**Work order**
Below are the entries; output exactly the lines from the one containing "this 2000×1336 image." through the final line, inclusive.

**Collected data**
::::::::::

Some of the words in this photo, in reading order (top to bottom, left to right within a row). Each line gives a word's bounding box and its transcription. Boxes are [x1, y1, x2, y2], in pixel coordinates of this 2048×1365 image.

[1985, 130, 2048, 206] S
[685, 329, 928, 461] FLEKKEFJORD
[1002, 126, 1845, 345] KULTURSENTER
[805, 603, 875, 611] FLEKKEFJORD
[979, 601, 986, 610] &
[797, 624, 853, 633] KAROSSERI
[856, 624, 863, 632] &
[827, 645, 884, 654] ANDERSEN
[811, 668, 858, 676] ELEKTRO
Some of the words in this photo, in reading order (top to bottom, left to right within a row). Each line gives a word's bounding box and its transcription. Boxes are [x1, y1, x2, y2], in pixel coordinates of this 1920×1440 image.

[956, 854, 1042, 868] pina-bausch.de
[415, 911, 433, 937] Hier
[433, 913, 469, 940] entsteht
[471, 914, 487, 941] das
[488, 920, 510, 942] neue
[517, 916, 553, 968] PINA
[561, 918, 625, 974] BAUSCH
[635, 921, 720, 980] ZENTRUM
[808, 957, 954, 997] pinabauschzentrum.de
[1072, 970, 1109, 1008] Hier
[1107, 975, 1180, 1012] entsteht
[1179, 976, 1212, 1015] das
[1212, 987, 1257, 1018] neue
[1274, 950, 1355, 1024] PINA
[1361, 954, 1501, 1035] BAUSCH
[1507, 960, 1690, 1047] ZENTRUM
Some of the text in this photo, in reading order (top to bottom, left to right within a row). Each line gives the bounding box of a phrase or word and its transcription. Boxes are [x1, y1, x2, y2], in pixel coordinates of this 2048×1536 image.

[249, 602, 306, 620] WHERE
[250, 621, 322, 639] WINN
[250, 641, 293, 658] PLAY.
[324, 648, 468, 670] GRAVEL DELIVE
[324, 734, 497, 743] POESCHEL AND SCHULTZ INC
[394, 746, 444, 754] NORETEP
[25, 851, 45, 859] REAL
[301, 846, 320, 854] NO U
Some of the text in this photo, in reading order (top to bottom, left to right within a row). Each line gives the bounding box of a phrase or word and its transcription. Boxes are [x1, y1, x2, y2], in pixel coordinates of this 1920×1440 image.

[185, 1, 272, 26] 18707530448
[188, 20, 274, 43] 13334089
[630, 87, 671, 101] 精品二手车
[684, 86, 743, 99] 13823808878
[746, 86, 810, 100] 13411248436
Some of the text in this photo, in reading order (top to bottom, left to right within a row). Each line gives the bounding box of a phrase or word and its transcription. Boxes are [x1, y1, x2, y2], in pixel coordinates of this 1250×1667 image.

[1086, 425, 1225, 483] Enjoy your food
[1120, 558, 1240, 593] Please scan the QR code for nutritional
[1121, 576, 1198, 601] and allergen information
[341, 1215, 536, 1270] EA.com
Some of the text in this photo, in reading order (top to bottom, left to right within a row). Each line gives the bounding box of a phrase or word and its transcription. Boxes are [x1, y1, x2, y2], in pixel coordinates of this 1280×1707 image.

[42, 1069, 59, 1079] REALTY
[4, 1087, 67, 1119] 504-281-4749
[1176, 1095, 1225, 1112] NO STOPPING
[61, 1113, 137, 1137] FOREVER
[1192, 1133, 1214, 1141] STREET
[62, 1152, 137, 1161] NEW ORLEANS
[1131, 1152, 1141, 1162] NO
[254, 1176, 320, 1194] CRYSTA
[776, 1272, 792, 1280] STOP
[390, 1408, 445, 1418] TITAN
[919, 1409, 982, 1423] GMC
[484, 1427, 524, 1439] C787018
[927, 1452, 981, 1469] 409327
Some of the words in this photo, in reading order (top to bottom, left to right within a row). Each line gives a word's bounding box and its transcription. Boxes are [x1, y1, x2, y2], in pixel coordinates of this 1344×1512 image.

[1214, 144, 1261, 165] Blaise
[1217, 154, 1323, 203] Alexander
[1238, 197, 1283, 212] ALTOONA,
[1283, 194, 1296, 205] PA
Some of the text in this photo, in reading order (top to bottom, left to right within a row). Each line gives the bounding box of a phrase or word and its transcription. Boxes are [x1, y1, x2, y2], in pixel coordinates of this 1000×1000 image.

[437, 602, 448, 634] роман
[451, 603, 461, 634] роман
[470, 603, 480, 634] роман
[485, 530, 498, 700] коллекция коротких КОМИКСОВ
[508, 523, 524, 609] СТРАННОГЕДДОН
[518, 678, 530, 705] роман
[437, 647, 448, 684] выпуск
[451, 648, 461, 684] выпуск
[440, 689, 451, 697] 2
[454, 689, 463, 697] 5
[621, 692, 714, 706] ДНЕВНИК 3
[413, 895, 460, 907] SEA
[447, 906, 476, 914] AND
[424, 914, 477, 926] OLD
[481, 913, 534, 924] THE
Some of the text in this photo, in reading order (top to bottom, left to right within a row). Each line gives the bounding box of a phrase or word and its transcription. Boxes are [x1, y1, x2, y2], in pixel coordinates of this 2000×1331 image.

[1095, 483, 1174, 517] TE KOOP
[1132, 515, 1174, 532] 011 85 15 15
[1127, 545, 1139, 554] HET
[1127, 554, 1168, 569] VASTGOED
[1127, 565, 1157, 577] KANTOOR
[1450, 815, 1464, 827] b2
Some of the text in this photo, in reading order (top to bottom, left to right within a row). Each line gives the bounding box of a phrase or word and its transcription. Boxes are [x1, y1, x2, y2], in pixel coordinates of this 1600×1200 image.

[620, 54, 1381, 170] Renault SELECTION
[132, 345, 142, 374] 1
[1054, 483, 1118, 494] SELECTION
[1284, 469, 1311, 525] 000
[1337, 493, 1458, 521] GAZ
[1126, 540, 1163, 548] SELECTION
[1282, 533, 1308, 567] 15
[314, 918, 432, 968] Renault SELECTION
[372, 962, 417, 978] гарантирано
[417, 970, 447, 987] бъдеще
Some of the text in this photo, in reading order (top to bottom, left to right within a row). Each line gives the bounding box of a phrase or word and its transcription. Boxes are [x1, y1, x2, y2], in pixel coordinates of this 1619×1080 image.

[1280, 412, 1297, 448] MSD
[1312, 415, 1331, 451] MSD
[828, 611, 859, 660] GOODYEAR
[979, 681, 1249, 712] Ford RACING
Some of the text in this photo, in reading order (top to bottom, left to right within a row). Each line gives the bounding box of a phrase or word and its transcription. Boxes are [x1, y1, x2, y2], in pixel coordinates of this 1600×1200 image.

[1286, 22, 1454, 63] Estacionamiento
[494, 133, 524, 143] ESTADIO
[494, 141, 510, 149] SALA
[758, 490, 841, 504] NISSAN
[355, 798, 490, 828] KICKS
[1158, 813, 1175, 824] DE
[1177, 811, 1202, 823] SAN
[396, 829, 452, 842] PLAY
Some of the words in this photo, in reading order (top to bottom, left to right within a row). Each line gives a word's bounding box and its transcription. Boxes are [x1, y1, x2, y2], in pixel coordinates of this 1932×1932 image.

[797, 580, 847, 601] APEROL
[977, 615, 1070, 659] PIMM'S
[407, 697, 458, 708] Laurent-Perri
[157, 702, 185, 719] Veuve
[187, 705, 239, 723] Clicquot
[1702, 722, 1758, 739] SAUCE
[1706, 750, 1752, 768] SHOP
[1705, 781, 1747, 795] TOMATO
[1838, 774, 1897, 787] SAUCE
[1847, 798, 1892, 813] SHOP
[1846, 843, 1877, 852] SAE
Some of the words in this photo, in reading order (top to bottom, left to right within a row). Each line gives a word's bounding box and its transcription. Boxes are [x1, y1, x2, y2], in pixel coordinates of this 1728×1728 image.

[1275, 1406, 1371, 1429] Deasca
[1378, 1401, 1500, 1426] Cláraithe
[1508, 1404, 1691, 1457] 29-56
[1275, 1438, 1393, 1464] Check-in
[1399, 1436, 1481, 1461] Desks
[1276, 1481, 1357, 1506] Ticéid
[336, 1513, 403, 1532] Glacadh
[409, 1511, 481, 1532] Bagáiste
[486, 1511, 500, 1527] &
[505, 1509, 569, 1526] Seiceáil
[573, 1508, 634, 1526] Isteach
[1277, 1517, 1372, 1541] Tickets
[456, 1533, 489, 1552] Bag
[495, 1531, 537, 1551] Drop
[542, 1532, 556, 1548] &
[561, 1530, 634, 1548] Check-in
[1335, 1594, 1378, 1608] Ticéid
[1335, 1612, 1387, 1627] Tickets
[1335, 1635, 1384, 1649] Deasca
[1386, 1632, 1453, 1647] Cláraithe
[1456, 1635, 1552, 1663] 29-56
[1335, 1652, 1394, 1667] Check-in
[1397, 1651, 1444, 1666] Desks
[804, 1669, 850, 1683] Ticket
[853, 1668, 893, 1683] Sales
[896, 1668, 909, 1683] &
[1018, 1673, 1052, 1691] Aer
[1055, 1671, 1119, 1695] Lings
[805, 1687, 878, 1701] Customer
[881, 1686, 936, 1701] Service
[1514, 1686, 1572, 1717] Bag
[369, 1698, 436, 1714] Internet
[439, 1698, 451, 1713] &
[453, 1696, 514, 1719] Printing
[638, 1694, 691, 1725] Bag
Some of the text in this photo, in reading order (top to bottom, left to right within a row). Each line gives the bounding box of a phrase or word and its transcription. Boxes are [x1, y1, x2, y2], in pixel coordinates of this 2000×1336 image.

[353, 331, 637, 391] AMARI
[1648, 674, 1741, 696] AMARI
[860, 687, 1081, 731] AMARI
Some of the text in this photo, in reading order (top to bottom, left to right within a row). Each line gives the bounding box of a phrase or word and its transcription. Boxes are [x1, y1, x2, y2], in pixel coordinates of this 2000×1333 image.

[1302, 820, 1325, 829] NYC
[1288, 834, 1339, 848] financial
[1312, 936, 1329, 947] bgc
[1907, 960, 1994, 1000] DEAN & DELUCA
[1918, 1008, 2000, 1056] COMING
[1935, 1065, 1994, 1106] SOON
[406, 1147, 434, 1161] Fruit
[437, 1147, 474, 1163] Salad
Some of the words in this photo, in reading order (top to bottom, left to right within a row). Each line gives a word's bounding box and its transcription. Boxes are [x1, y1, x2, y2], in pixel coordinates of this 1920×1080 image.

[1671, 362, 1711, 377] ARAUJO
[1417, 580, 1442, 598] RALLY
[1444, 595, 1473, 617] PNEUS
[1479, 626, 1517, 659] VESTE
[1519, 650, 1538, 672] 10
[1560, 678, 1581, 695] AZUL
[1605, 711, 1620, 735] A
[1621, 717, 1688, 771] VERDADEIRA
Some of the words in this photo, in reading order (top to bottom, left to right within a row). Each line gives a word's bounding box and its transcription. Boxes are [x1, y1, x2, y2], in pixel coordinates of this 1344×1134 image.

::::::::::

**Solution to this problem**
Some of the text in this photo, in reading order (top to bottom, left to right within a row). Each line gives the bounding box of a phrase or word and its transcription. Boxes are [x1, y1, x2, y2], in pixel coordinates of this 2000×1336 image.

[353, 331, 637, 391] AMARI
[1648, 674, 1741, 696] AMARI
[860, 687, 1081, 731] AMARI
Some of the text in this photo, in reading order (top to bottom, left to right within a row). Each line gives the bounding box of a phrase or word and its transcription. Boxes are [x1, y1, x2, y2], in pixel coordinates of this 2000×1333 image.

[1302, 820, 1325, 829] NYC
[1288, 834, 1339, 848] financial
[1312, 936, 1329, 947] bgc
[1907, 960, 1994, 1000] DEAN & DELUCA
[1918, 1008, 2000, 1056] COMING
[1935, 1065, 1994, 1106] SOON
[406, 1147, 434, 1161] Fruit
[437, 1147, 474, 1163] Salad
Some of the words in this photo, in reading order (top to bottom, left to right within a row). Each line gives a word's bounding box and its transcription. Boxes are [x1, y1, x2, y2], in pixel coordinates of this 1920×1080 image.

[1671, 362, 1711, 377] ARAUJO
[1417, 580, 1442, 598] RALLY
[1444, 595, 1473, 617] PNEUS
[1479, 626, 1517, 659] VESTE
[1519, 650, 1538, 672] 10
[1560, 678, 1581, 695] AZUL
[1605, 711, 1620, 735] A
[1621, 717, 1688, 771] VERDADEIRA
Some of the words in this photo, in reading order (top to bottom, left to right within a row). Each line gives a word's bounding box and its transcription. Boxes are [x1, y1, x2, y2], in pixel coordinates of this 1344×1134 image.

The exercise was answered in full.